Thursday, April 24, 2008

Funcrunch live performance videos

At long last, they're here! Full video clips of all nine songs (ten if you count the opening medley as two songs) from my recent band workshop performance are now up on YouTube, thanks to Julie. Watch, listen, enjoy, complain, comment, relive the night, pretend you were there, etc.

Tuesday, April 15, 2008

The Popdose Guide to Badfinger is here!

Head over to Popdose and check out my latest contribution there: an overview of the recorded output of Badfinger. They wrote some amazing songs, had a few hits with them, and met with a lot of tragedy in the end despite being the most successful artists the Beatles signed to their Apple label. Lots of archival video footage linked from YouTube to sift through... Enjoy!

Sunday, April 13, 2008

Reviews update, upcoming show, Myspace, etc.

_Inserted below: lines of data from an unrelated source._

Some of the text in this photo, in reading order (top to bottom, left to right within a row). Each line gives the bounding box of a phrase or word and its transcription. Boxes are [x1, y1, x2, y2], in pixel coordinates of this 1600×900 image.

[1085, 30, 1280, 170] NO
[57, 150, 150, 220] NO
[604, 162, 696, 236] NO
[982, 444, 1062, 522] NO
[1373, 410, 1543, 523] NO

Another week whirls away... in its wake, I have left behind:

A review of the second full-length disc by Seattle pop-rockers Gary Reynolds and the Brides of Obscurity at Bullz Eye.

A couple of entries in this month's edition of West Coast Performer Magazine, including a small part of their Noise Pop feature, and an online-only review (scroll to the bottom) of a February show at the Hemlock Tavern featuring the Speakers, Correatown, and Chris Robley and the Fear of Heights (pictured above, photo by April Chick).

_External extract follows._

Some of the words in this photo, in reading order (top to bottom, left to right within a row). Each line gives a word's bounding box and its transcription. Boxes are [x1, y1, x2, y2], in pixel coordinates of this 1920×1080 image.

And speaking of Chris Robley, he will be appearing at Cafe du Nord next Sunday, April 20, with fellow Portland-ites Norfolk & Western, along with openers Weinland. If you haven't seen him yet, this will be a nice, intimate intro.

And in the spirit of shedding light on the absurd, since all but one of the artist links above are Myspace links, I'd like to point you in the direction of Lila Nelson's side-splitting song about Myspace, called "I Accept Everybody," which you can hear... on her Myspace page, of course. Lila is from Aracta, and I heard her perform this song at her early set at Portland's Mississippi Studios back in February, prior to Rachel Taylor Brown's headlining trio set that evening...

- - -

Finally got my hands on a copy of The Last Waltz on DVD. After hearing one of my coworkers talk it up fairly consistently since I've known him, and then recently finding out that he was actually at the '76 concert in question, I had to check it out. Plus I had seen Scorsese's other big concert film, Shine A Light, last week, so it was due to happen. My appreciation for The Band has been upped since watching it. It's very easy to forget, without actually seeing them, that they were all pretty much multi-instrumentalists and singers. I found myself wishing that they were the full-time backing band for all of the artists who appeared at the show. Of course they did their time with Dylan, but would that they had longer associations with Van Morrison, Neil Young and Emmylou Harris. Neil Diamond, eh, he could have toned himself down a bit. I like him much better now as an old vet working with Rick Rubin and the Heartbreakers. But if The Band were all alive and active today, they would have been the ideal choice for Diamond's comeback records.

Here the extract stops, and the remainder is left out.